As for the content, I modeled some new buildings so that I currently have 26 of the ~32 buildings finished. I’ve put my priority on creating models for the buildings you can construct right after the start of the game, so the remaining models I have to do will be for some of the more futuristic buildings that you can only build after researching certain technologies. Since making those “normal” buildings already was much fun I can imagine that creating the remaining ones will be even more fun, as I already have some nice ideas swarming around in my head. I also redid all military units (right now only 2 infantry units and 3 different tanks, but more to come) and finally made a nice looking and easy to recognize logo for the game, which is now also used as the icon for the game’s .exe and as a new background for the loading screen. It’s nothing spectacular but it has something that makes it both unique and easy to assign to the game’s theme.
In terms of coding I fully implemented a virtual filesystem from scratch. Implementing a basic VFS is nothing to spectacular, but as usual I opted for something that fits seamingless into Project “W” so it’s not your basic VFS anymore.
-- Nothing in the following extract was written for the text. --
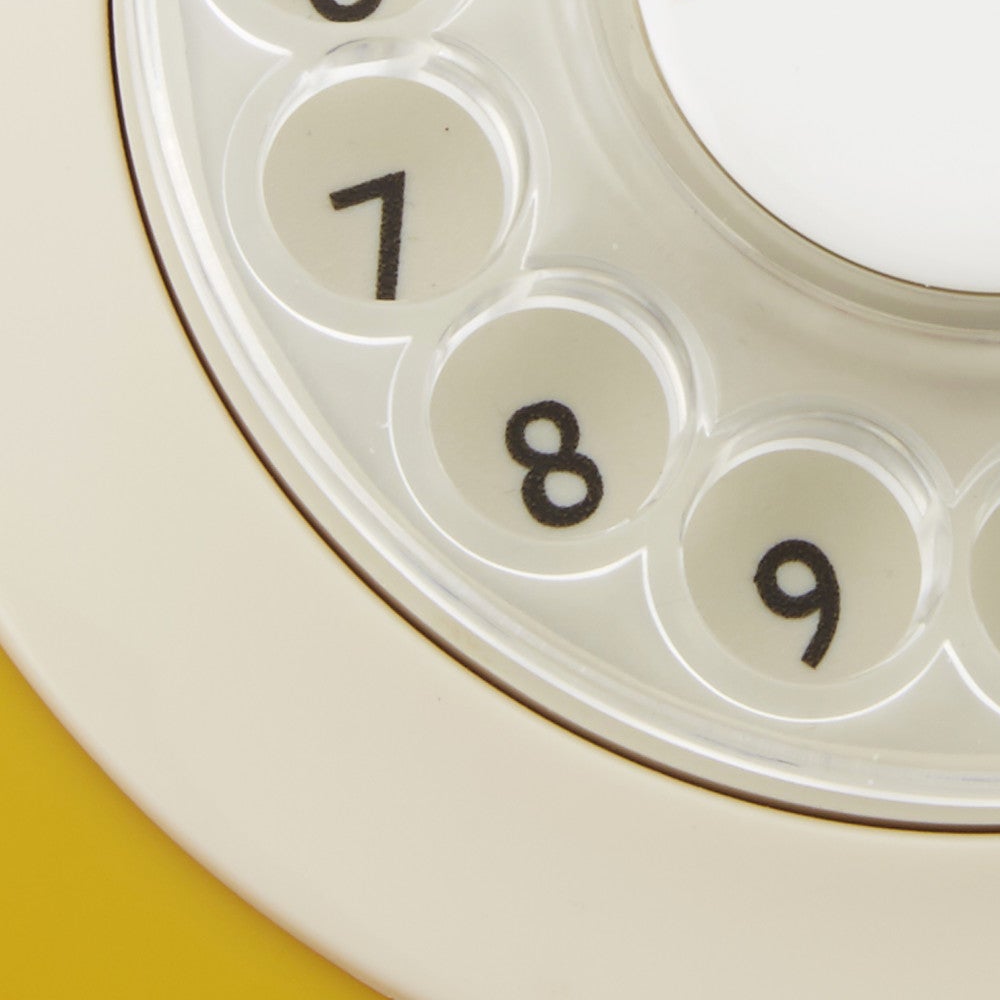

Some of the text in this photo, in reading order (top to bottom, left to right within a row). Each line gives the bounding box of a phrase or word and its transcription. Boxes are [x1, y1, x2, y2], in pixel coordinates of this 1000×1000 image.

[329, 170, 406, 301] 7
[504, 400, 604, 528] 8
[752, 539, 841, 669] 9
The one that I made encapsulates loading of all kind of ressources used in the game (XML, 3D models, textures, etc.) so that within the game code I don’t have to check wether to load a file from disk or from the VFS. So if I need a texture I load it via the VFS and the VFS will then first check if it’s existing on the disk, and if not it’ll load it from the data archive assigned to the VFS. This way I don’t need to update the game’s data archive (the final release will contain all game data in one single file) as the VFS will always prefer a file if it’s existing on the disk drive. Implementing it was no real big deal, but “thanks” to an error on Borland’s side (in the TStreamAdapter) implementing PNG-loading via GDI+ using a stream gave me real headaches, so after a lot of searching I found this link that shows how to fix Borland’s mistake. So if you also want to load a PNG from a stream using GDI+ and get runtime-errors which even the debugger won’t give you a clue about remember to take a look at that link!
So much for now, I initially also wanted to rant about how bad and buggy the new version of Delphi is, but actually that already costed me so much time that I won’t invest in writing something about it. But my advice : if you’re still using Delphi 7, stay with it, otherwise you may regret it.